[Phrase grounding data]
*****
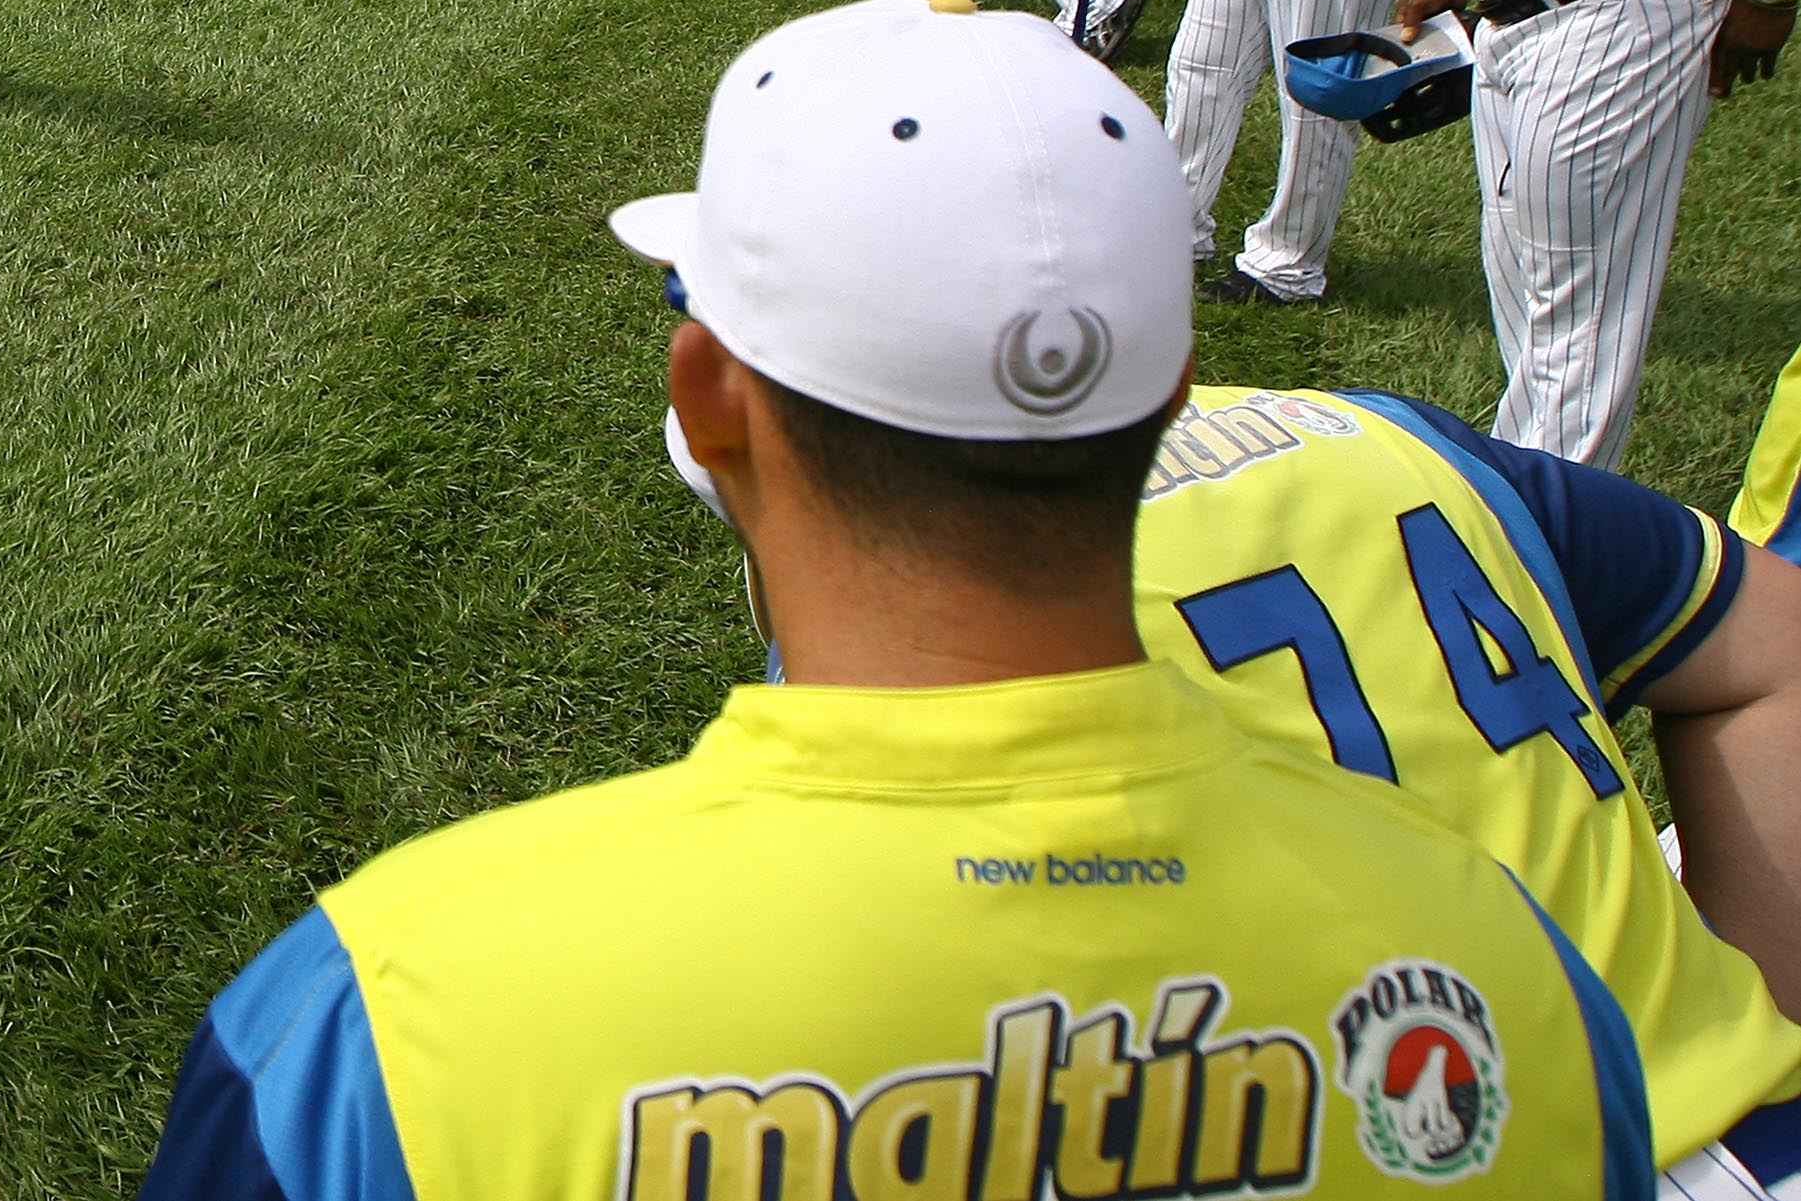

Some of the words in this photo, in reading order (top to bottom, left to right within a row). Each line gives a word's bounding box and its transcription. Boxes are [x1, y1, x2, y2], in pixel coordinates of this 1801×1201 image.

[1175, 501, 1625, 801] 74
[956, 852, 1035, 885] new
[1046, 852, 1187, 887] balance
[619, 977, 1321, 1201] maltín
[1337, 963, 1497, 1070] POLAR
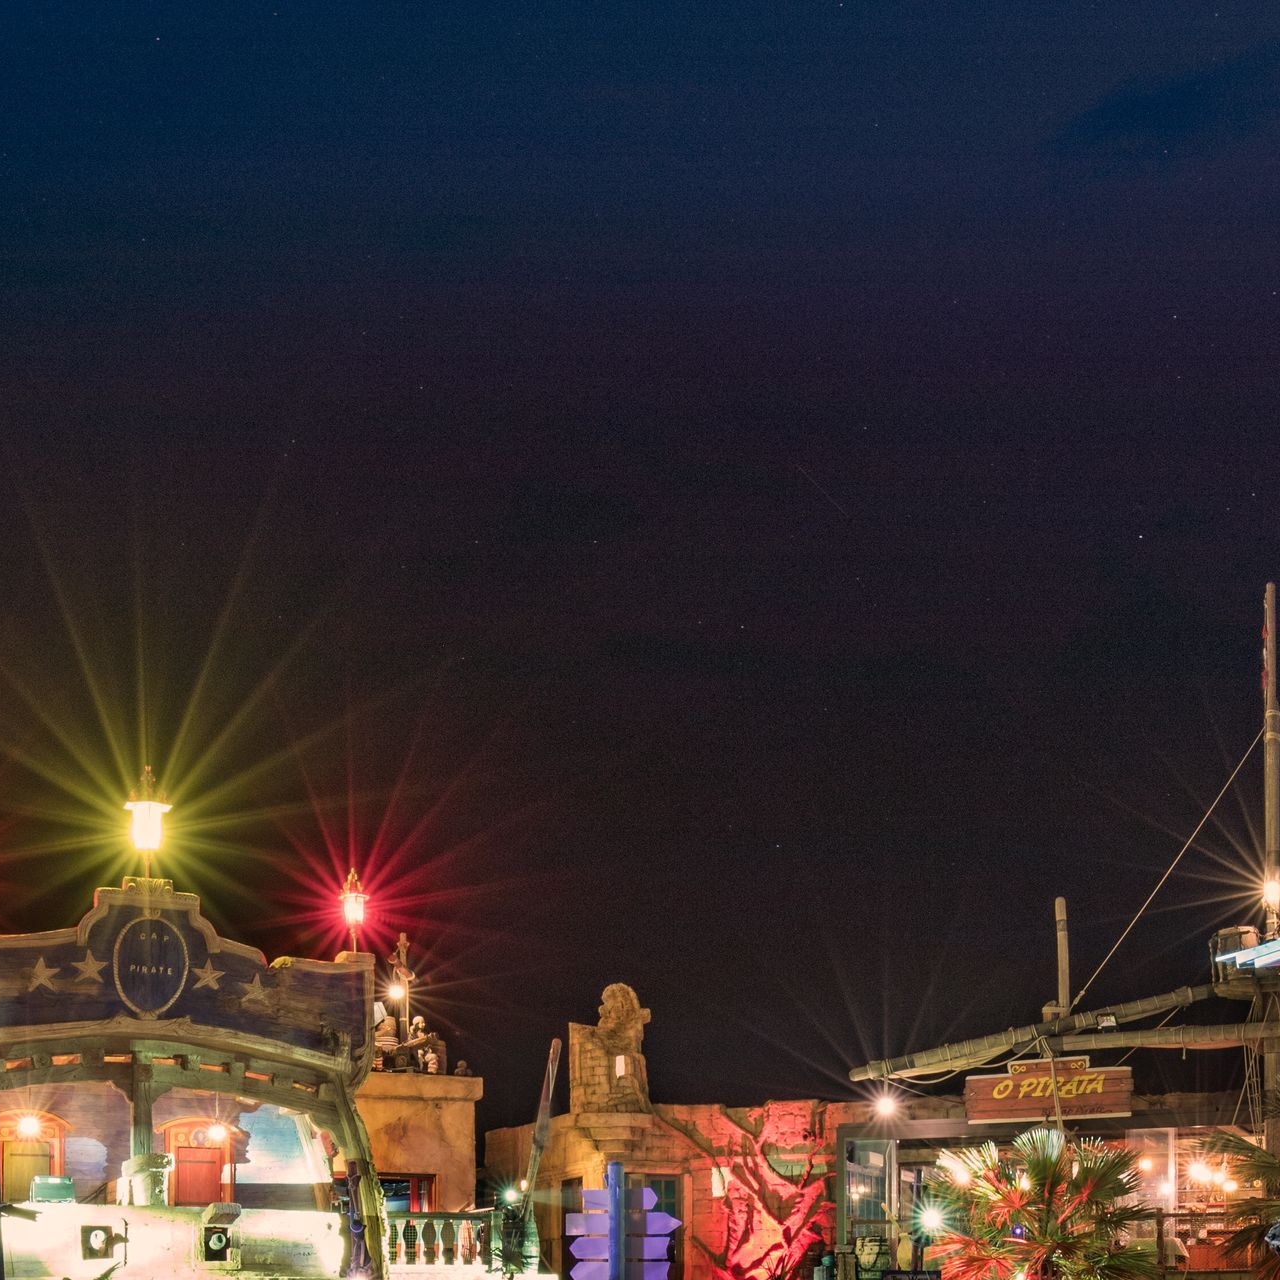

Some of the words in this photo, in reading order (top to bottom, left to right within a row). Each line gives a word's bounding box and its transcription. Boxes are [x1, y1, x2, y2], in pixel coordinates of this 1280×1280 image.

[140, 932, 170, 942] CAP
[129, 964, 174, 976] PIRATE
[992, 1079, 1015, 1100] O
[1018, 1073, 1106, 1100] PIRATA
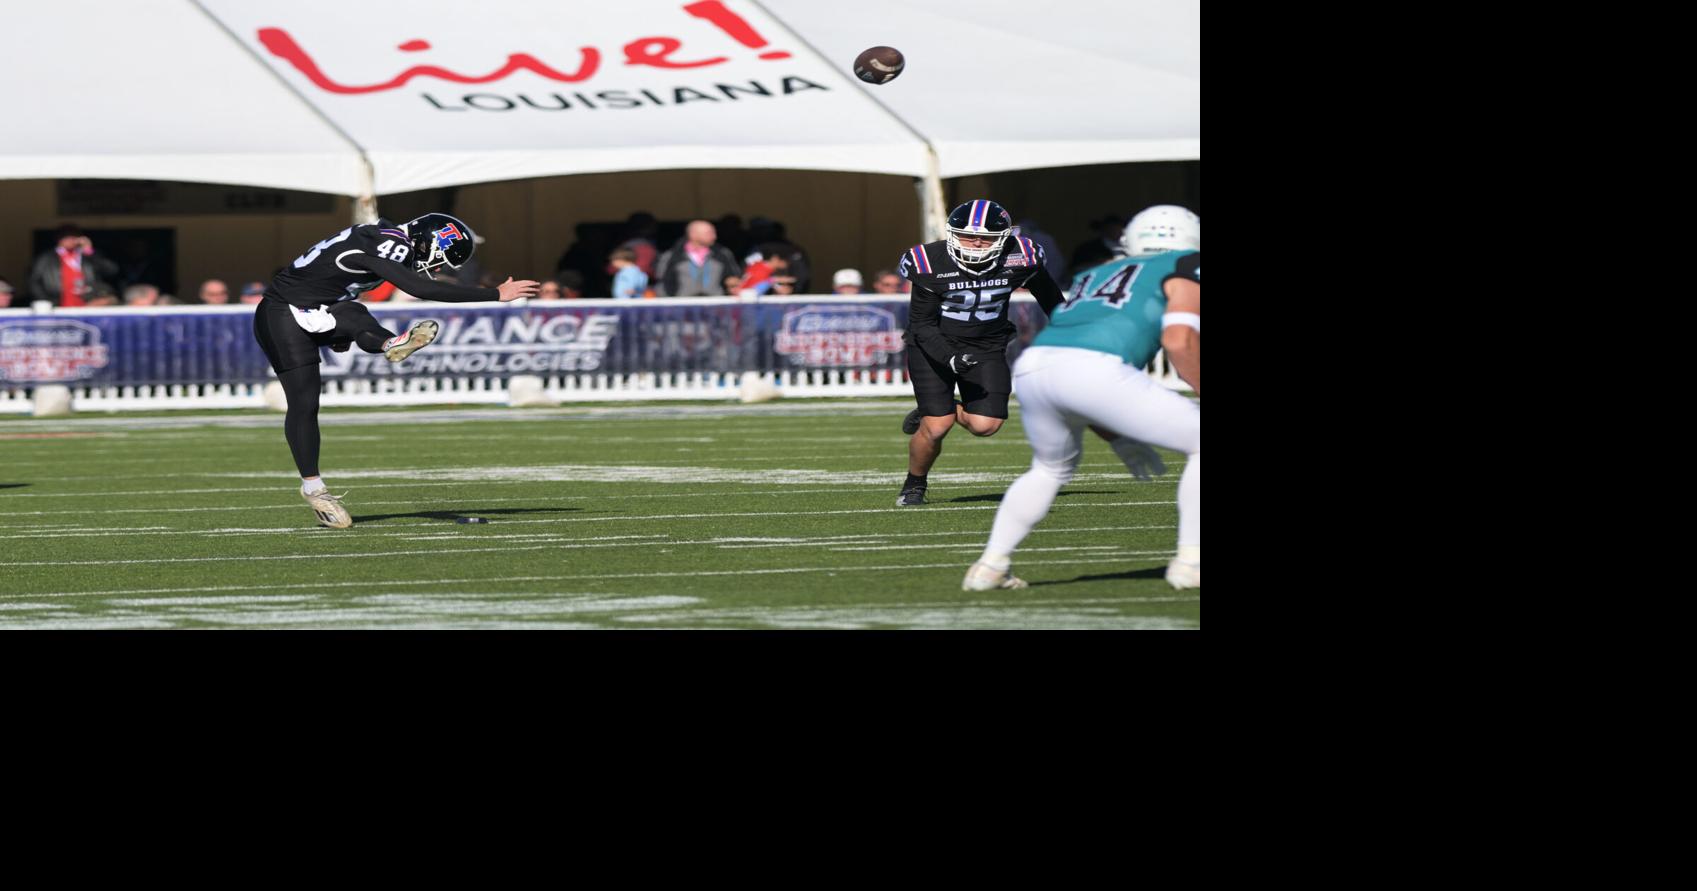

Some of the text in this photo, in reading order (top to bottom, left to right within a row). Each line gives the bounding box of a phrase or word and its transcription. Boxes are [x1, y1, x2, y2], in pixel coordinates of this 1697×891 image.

[257, 0, 793, 95] Live!
[422, 74, 831, 112] LOUISIANA
[376, 239, 409, 263] 48
[948, 278, 1009, 291] BULLDOGS
[940, 287, 1013, 322] 25
[378, 314, 620, 344] IANCE
[354, 350, 601, 374] TECHNOLOGIES
*****
The required output is each line above restated verbatim, with all images omitted.

Some of the words in this photo, in reading order (top to bottom, left to right within a row). Each line gives a word's bounding box and its transcription. Boxes are [x1, y1, x2, y2], in pixel coordinates of this 1801×1201 image.

[1175, 501, 1625, 801] 74
[956, 852, 1035, 885] new
[1046, 852, 1187, 887] balance
[619, 977, 1321, 1201] maltín
[1337, 963, 1497, 1070] POLAR

Some of the words in this photo, in reading order (top to bottom, left to right within a row). Each line gives a word's bounding box and its transcription. Boxes are [x1, y1, x2, y2], in pixel coordinates of this 1280×1280 image.

[140, 932, 170, 942] CAP
[129, 964, 174, 976] PIRATE
[992, 1079, 1015, 1100] O
[1018, 1073, 1106, 1100] PIRATA

Some of the text in this photo, in reading order (top to bottom, left to right within a row). Each line gives the bounding box of a phrase or word and its transcription. Boxes are [x1, y1, x2, y2], in pixel coordinates of this 1697×891 image.

[257, 0, 793, 95] Live!
[422, 74, 831, 112] LOUISIANA
[376, 239, 409, 263] 48
[948, 278, 1009, 291] BULLDOGS
[940, 287, 1013, 322] 25
[378, 314, 620, 344] IANCE
[354, 350, 601, 374] TECHNOLOGIES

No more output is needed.